* **Dataset extract**:

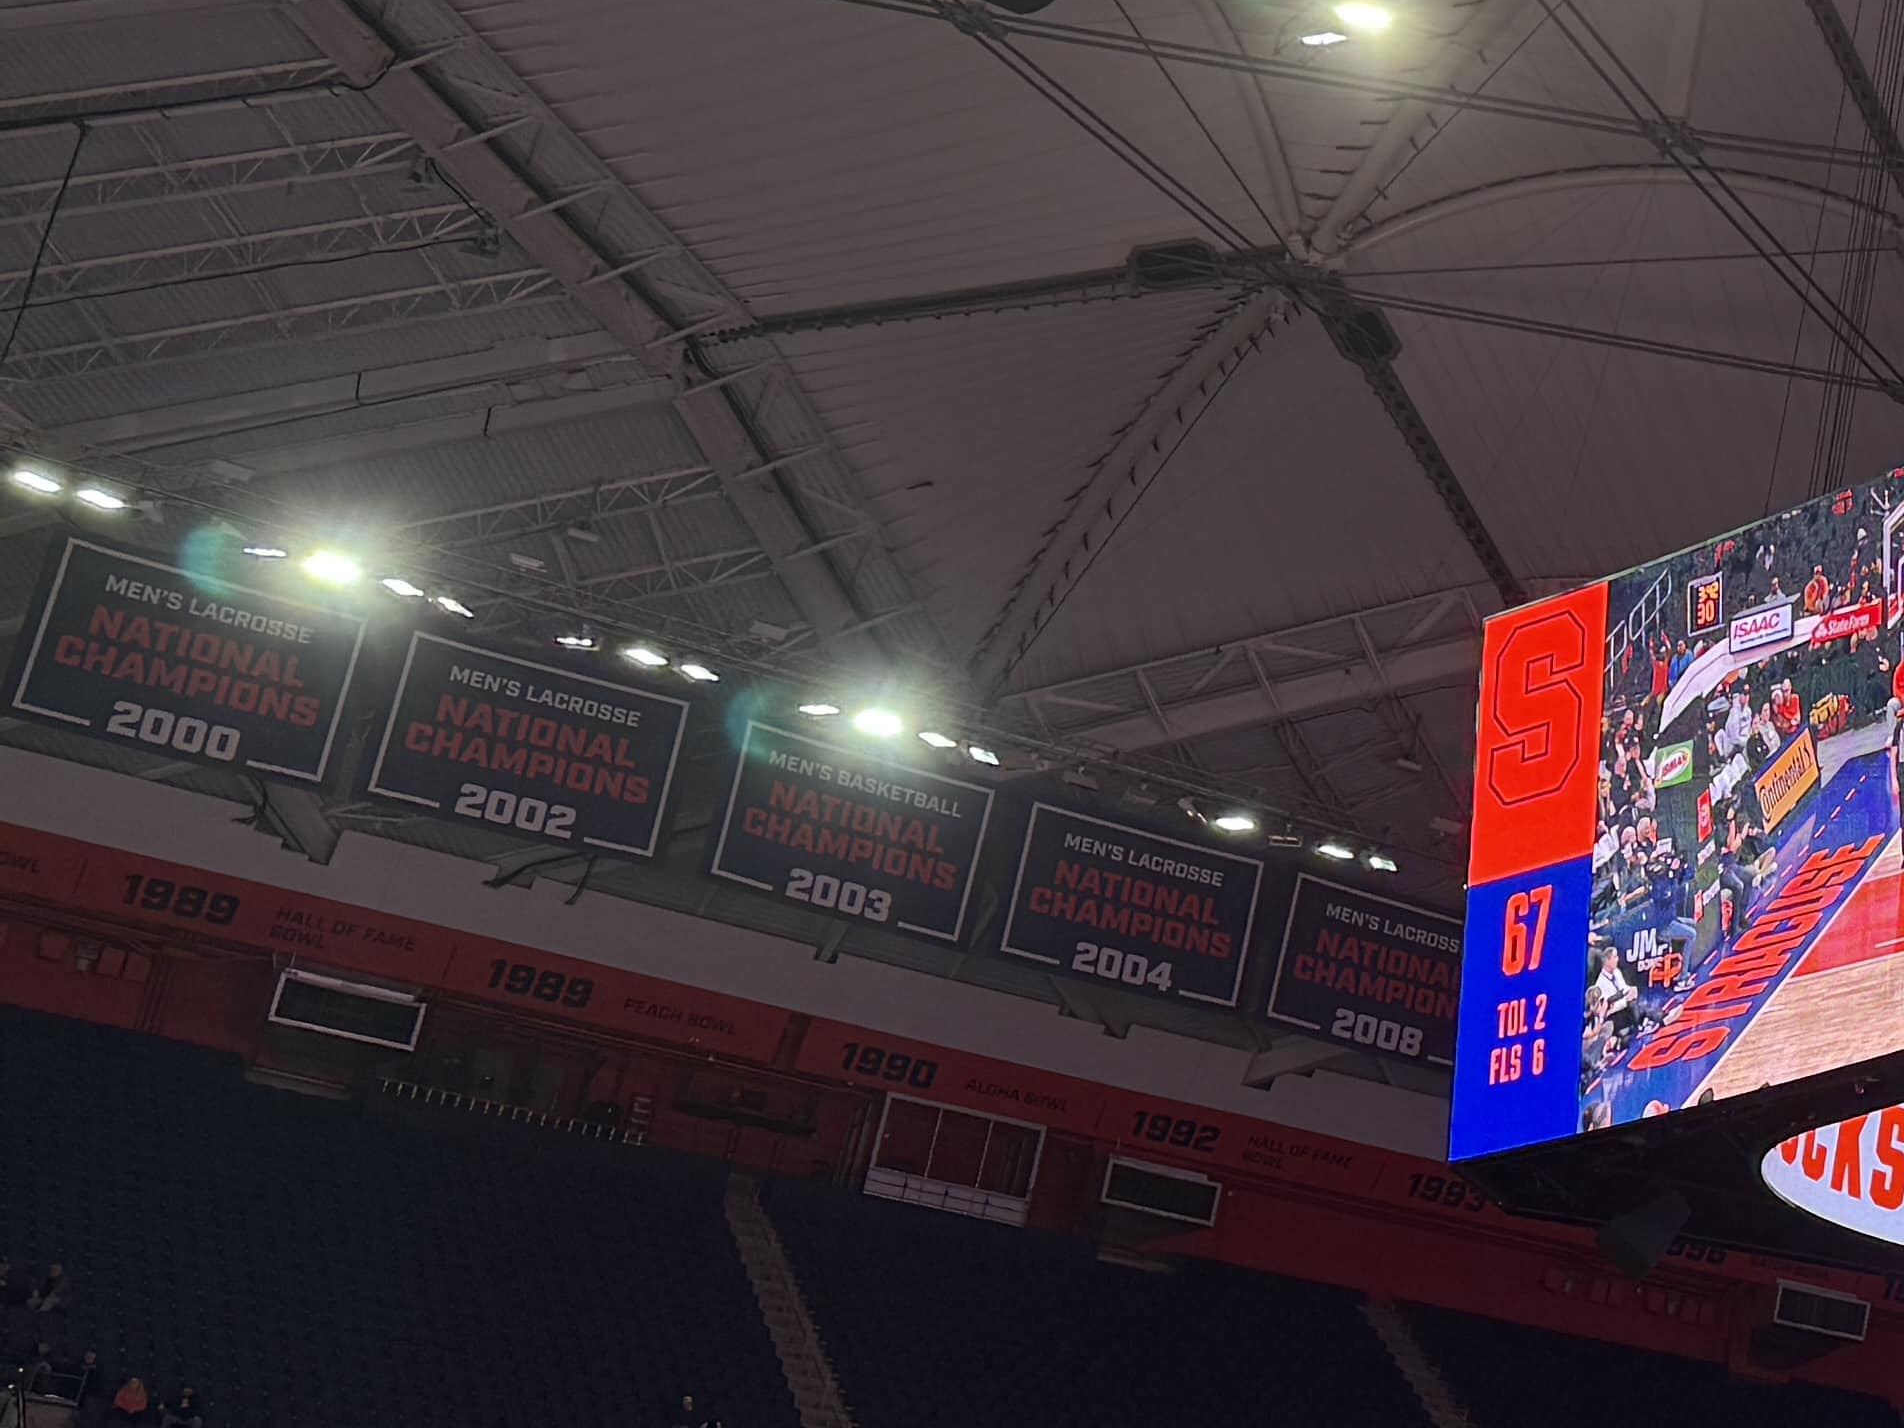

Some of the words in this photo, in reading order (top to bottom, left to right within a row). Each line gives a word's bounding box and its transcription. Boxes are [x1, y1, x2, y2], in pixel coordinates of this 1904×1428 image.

[187, 591, 312, 645] LACROSSE
[1733, 613, 1781, 640] ISAAC
[89, 604, 304, 689] NATIONAL
[54, 636, 321, 727] CHAMPIONS
[526, 684, 642, 728] LACROSSE
[106, 700, 241, 761] 2000
[436, 693, 636, 769] NATIONAL
[406, 722, 650, 804] CHAMPIONS
[454, 783, 576, 839] 2002
[770, 781, 944, 855] NATIONAL
[837, 766, 963, 819] BASKETBALL
[742, 808, 958, 891] CHAMPIONS
[1127, 847, 1224, 888] LACROSSE
[122, 875, 239, 926] 1989
[786, 869, 891, 922] 2003
[1054, 859, 1220, 925] NATIONAL
[1029, 888, 1233, 960] CHAMPIONS
[1384, 919, 1461, 953] LACROSS
[1502, 884, 1552, 977] 67
[1072, 942, 1173, 992] 2004
[1627, 833, 1885, 1070] SYRACUSE
[489, 959, 593, 1008] 1989
[1292, 958, 1460, 1019] CHAMPION
[1331, 1008, 1424, 1057] 2008
[1497, 999, 1528, 1035] TOL
[1534, 995, 1546, 1030] 2
[839, 1043, 938, 1090] 1990
[1489, 1047, 1522, 1086] FLS
[1531, 1044, 1544, 1077] 6
[1130, 1110, 1221, 1154] 1992
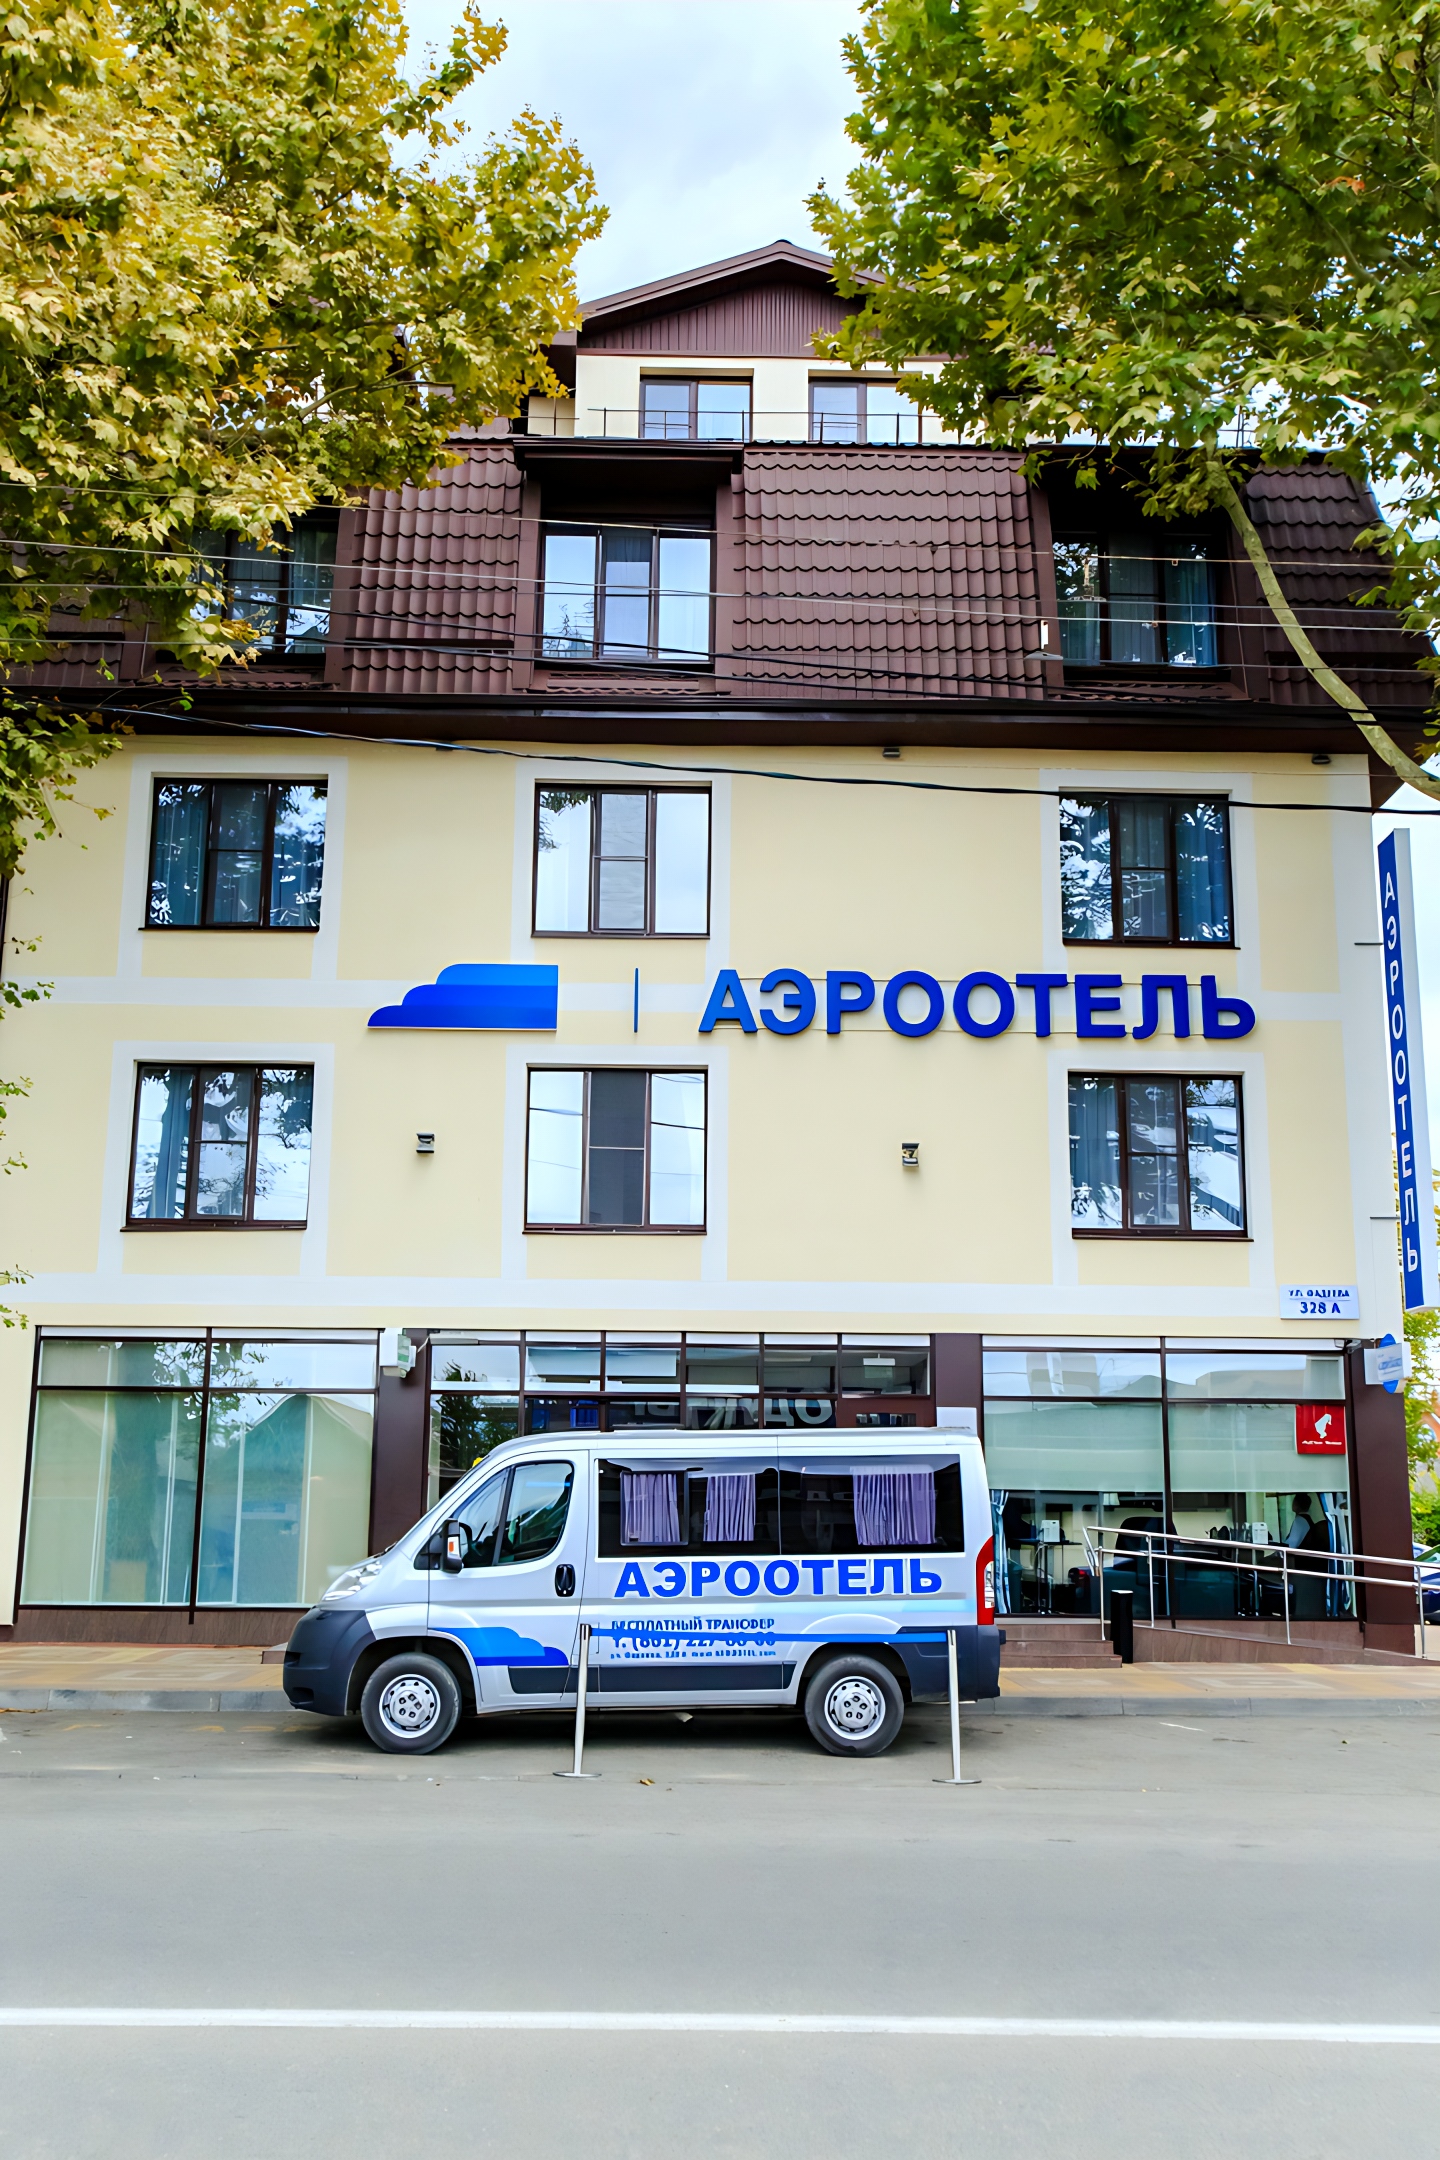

* **Task to carry out**: Write out the records exactly. Do not carry the pictures over.

* **Answer box**:
Some of the words in this photo, in reading order (top to bottom, left to right within a row). Each line gives a word's bounding box and its transcription. Boxes are [x1, y1, x2, y2], in pixel coordinates of this 1904×1428 image.

[187, 591, 312, 645] LACROSSE
[1733, 613, 1781, 640] ISAAC
[89, 604, 304, 689] NATIONAL
[54, 636, 321, 727] CHAMPIONS
[526, 684, 642, 728] LACROSSE
[106, 700, 241, 761] 2000
[436, 693, 636, 769] NATIONAL
[406, 722, 650, 804] CHAMPIONS
[454, 783, 576, 839] 2002
[770, 781, 944, 855] NATIONAL
[837, 766, 963, 819] BASKETBALL
[742, 808, 958, 891] CHAMPIONS
[1127, 847, 1224, 888] LACROSSE
[122, 875, 239, 926] 1989
[786, 869, 891, 922] 2003
[1054, 859, 1220, 925] NATIONAL
[1029, 888, 1233, 960] CHAMPIONS
[1384, 919, 1461, 953] LACROSS
[1502, 884, 1552, 977] 67
[1072, 942, 1173, 992] 2004
[1627, 833, 1885, 1070] SYRACUSE
[489, 959, 593, 1008] 1989
[1292, 958, 1460, 1019] CHAMPION
[1331, 1008, 1424, 1057] 2008
[1497, 999, 1528, 1035] TOL
[1534, 995, 1546, 1030] 2
[839, 1043, 938, 1090] 1990
[1489, 1047, 1522, 1086] FLS
[1531, 1044, 1544, 1077] 6
[1130, 1110, 1221, 1154] 1992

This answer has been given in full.